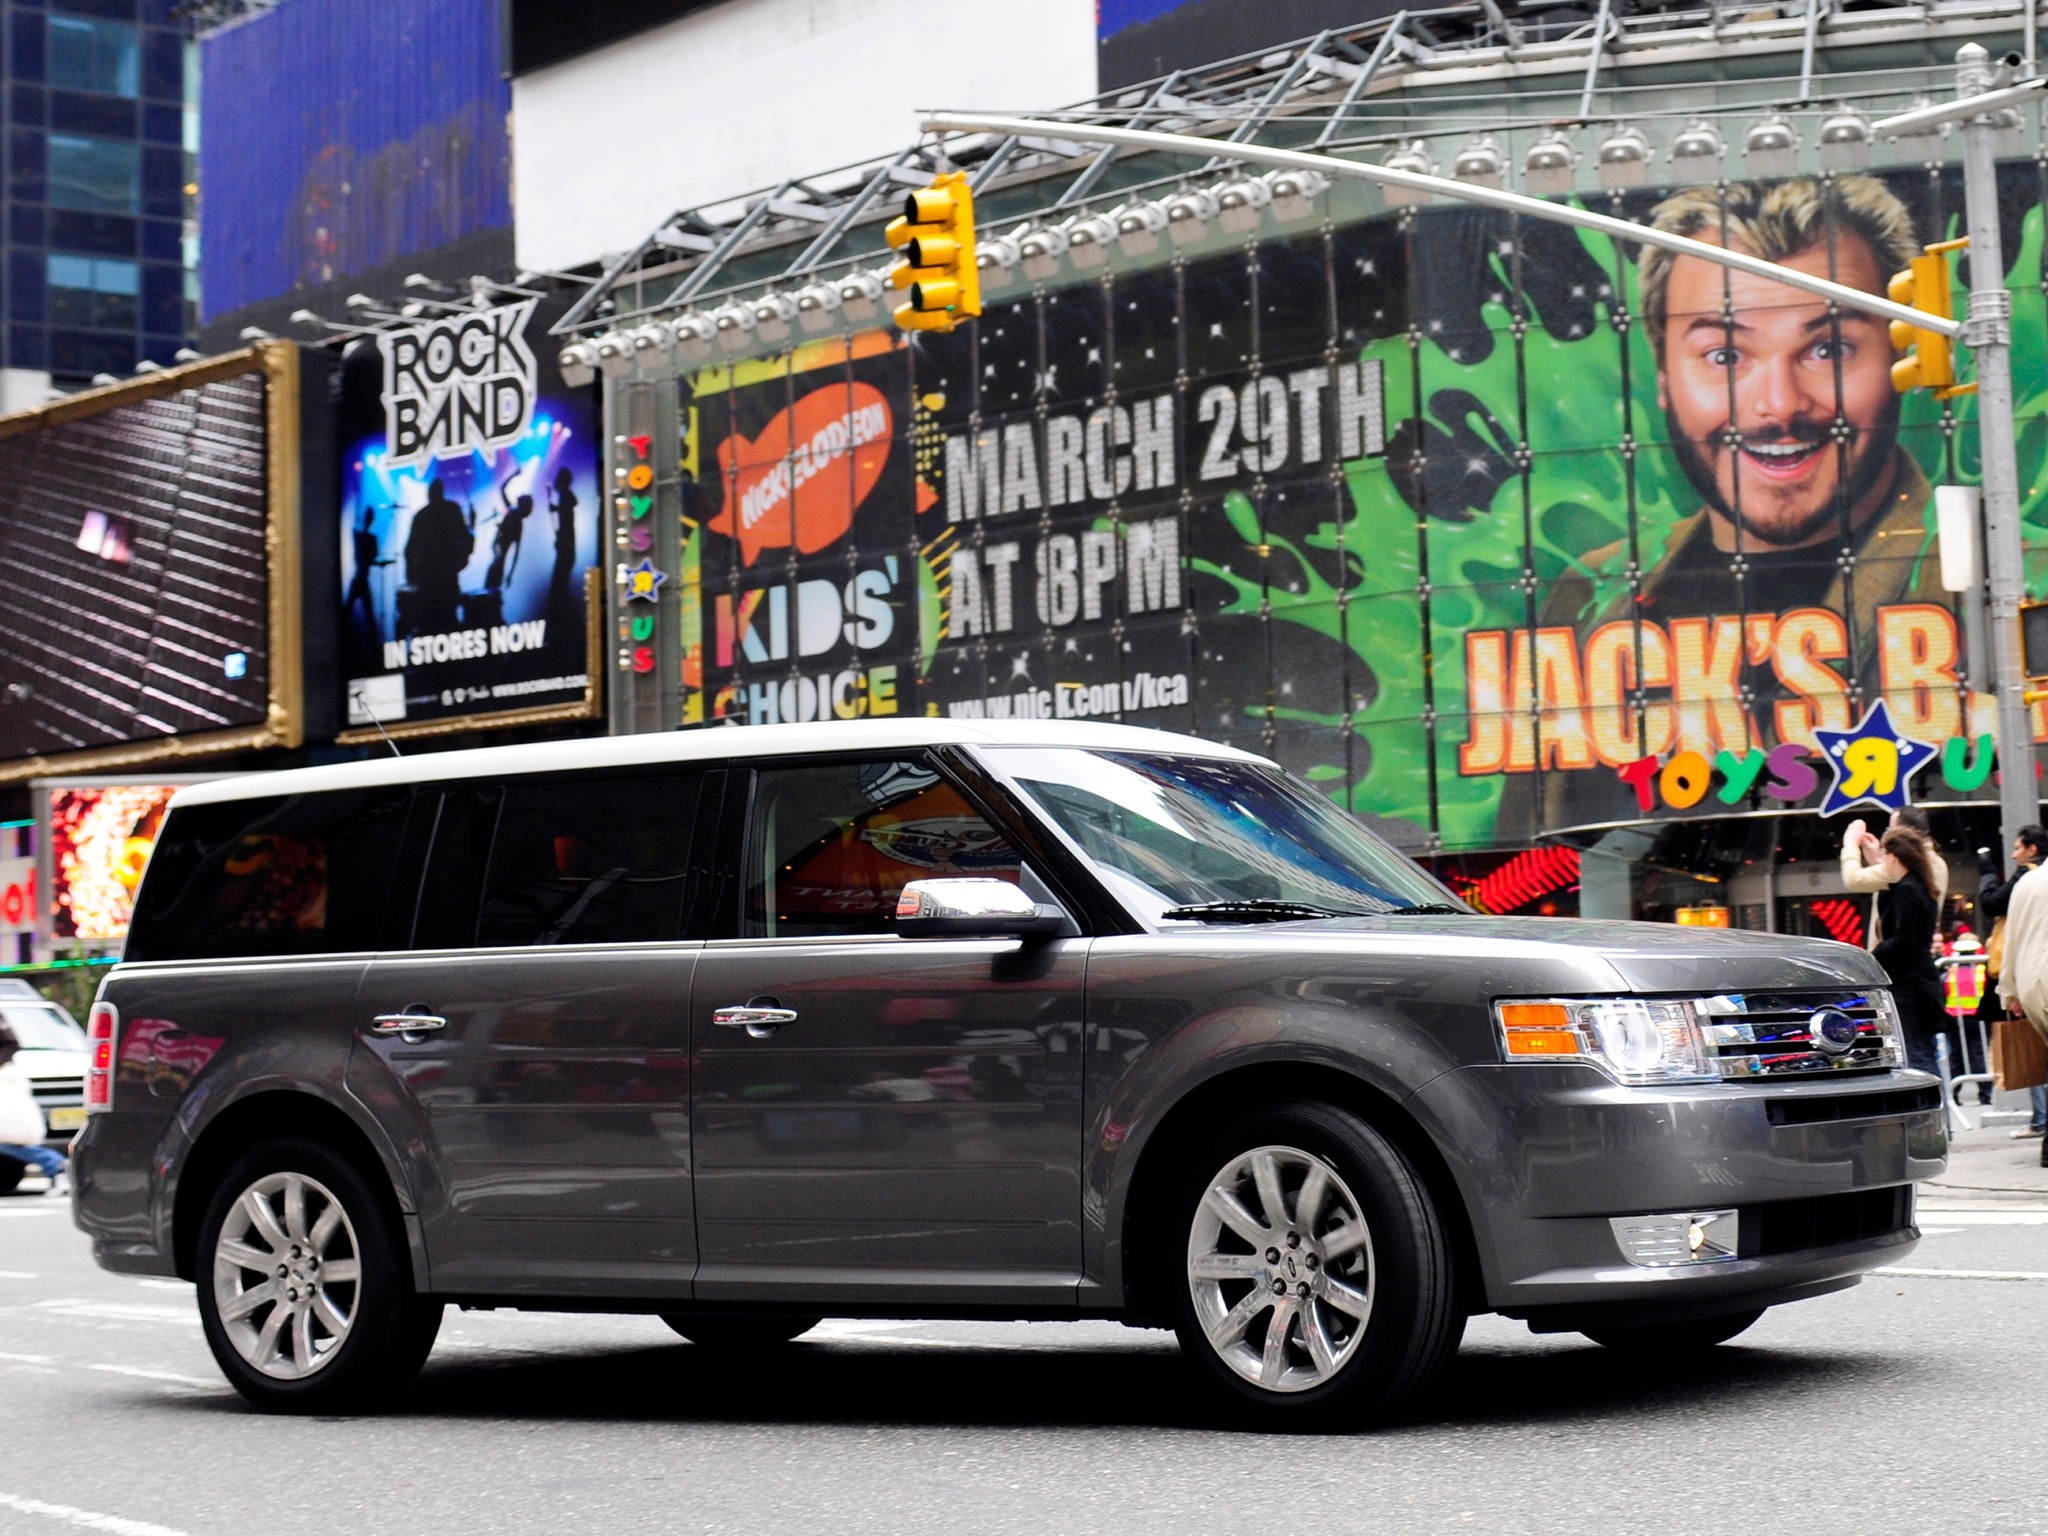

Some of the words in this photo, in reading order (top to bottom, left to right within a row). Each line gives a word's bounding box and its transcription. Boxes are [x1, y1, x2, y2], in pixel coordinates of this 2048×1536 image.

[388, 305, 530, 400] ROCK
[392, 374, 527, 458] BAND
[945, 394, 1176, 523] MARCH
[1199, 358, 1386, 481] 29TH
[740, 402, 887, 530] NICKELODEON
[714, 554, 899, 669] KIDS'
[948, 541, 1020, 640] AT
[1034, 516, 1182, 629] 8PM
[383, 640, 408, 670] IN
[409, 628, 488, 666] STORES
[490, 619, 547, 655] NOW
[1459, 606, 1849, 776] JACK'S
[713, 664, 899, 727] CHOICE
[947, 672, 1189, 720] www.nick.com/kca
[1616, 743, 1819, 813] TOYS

> Exercise details: Return the complete material exactly as it appears, without images.

> Solution:
Some of the words in this photo, in reading order (top to bottom, left to right within a row). Each line gives a word's bounding box and its transcription. Boxes are [x1, y1, x2, y2], in pixel coordinates of this 2048×1536 image.

[388, 305, 530, 400] ROCK
[392, 374, 527, 458] BAND
[945, 394, 1176, 523] MARCH
[1199, 358, 1386, 481] 29TH
[740, 402, 887, 530] NICKELODEON
[714, 554, 899, 669] KIDS'
[948, 541, 1020, 640] AT
[1034, 516, 1182, 629] 8PM
[383, 640, 408, 670] IN
[409, 628, 488, 666] STORES
[490, 619, 547, 655] NOW
[1459, 606, 1849, 776] JACK'S
[713, 664, 899, 727] CHOICE
[947, 672, 1189, 720] www.nick.com/kca
[1616, 743, 1819, 813] TOYS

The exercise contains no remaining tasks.